Evangelio según S. Juan 11, 45-54

Muchos judíos que habían venido a casa de María, al ver lo que había hecho Jesús [la resurrección de Lázaro], creyeron en él. Pero algunos acudieron a los fariseos y les contaron lo que había hecho Jesús. Los sumos sacerdotes y los fariseos convocaron el Sanedrín y dijeron: «¿Qué hacemos? Este hombre hace muchos signos. Si lo dejamos seguir, todos creerán en él, y vendrán los romanos y nos destruirán el lugar santo y la nación». Uno de ellos, Caifás, que era sumo sacerdote aquel año, les dijo: «Vosotros no entendéis ni palabra; no comprendéis que os conviene que uno muera por el pueblo, y que no perezca la nación entera». Esto no lo dijo por propio impulso, sino que, por ser sumo sacerdote aquel año, habló proféticamente, anunciando que Jesús iba a morir por la nación; y no solo por la nación, sino también para reunir a los hijos de Dios dispersos. Y aquel día decidieron darle muerte. Por eso Jesús ya no andaba públicamente entre los judíos, sino que se retiró a la región vecina al desierto, a una ciudad llamada Efraín, y pasaba allí el tiempo con los discípulos.

 

Meditación sobre el Evangelio

De la concurrencia muchos se pasaron a la banda del Maestro; después de aquella resurrección no cabía duda de que era el Enviado de Dios. Con todo, algunos hubo que obstinados en su negra voluntad se fueron a Jerusalén para dar parte a los enemigos. Es de notar que a los enemigos a quienes primero se dio cuenta fue a los miembros de la más devota asociación. Se les nombraba los selectos. Les sacaba de quicio que enseñase una espiritualidad diversa; eso de que a la caridad diese la importancia máxima, y pasase a segundo plano cultos, liturgias y ayunos, les escandalizaba; eso de que erigiese en norma suprema la caridad, anteponiéndola a la ley, los sacaba de tino. Las demás asociaciones piadosas se influían enormemente de estos apasionados de la observancia y rigidez.
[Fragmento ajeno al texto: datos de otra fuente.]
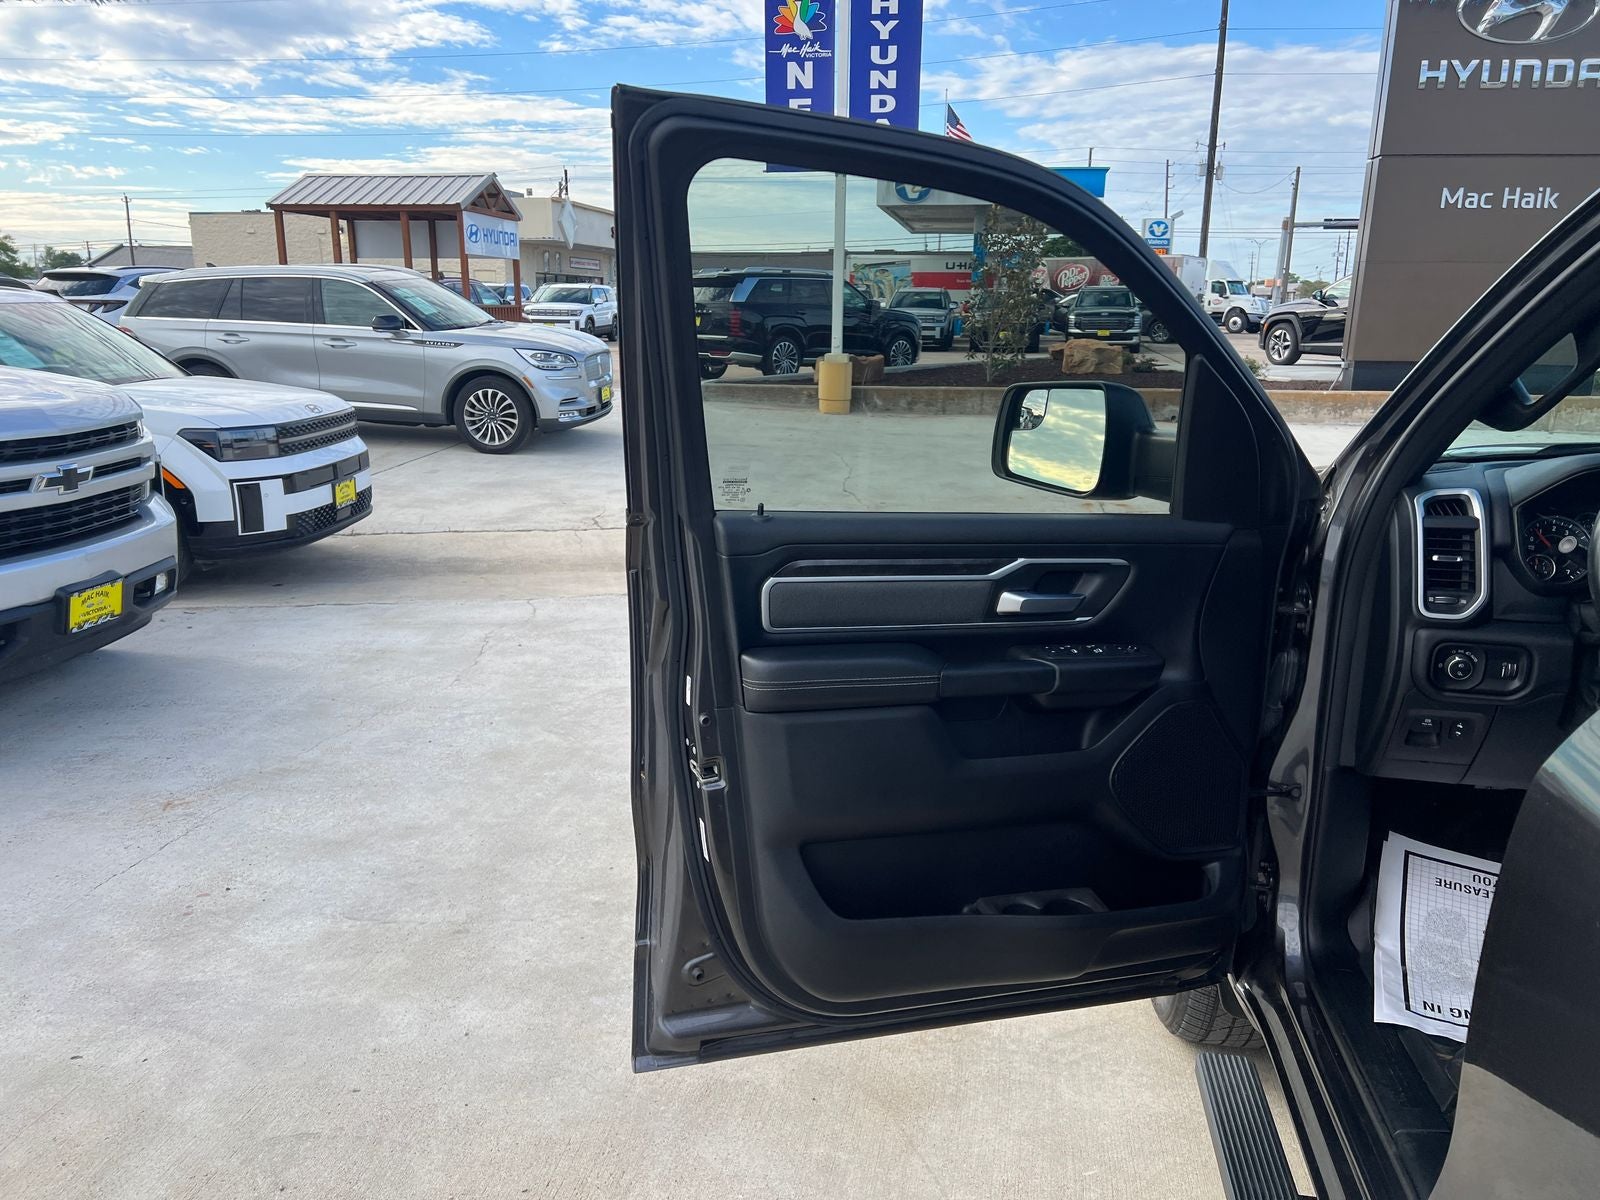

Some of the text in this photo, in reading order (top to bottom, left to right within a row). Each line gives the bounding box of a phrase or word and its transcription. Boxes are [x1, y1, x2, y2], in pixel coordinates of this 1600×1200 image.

[800, 41, 821, 57] Haik
[1440, 187, 1560, 209] Mac Haik
[482, 228, 518, 247] HYUNDAI
[1060, 270, 1087, 288] Pepper
[1068, 267, 1081, 278] Dr
[1434, 876, 1495, 899] EASURE
[1423, 1000, 1442, 1014] IN
Existía un grupo poderoso que, respecto de ellos, era el más independiente: los saduceos. Compuesto por los sacerdotes principales y personajes de altura, no sentían el fervor, sino la política, ni deseaban tanto santidad cuanto mandos y fondos. Sí cumplían, puesto que era su oficio; pero contemporizaban con lo que fuera, con tal de sostenerse v medrar. Emparentados con los fariseos por el culto, la liturgia y el templo, convocaron a reunión con ellos. Los fariseos necesitaban de los saduceos, pues eran los jefes del culto y los altos sacerdotes; y éstos necesitaban de aquéllos, pues dominaban con su fervor al pueblo. Tales fervorosos, enterados del prodigio fenomenal de Betania, temieron la popularidad del Maestro y proyectaron destruirle inmediatamente, sin plazos. Acudieron a los grandes sacerdotes y les sugirieron: Ahora se pondrá al frente de la nación y los romanos nos arrasarán.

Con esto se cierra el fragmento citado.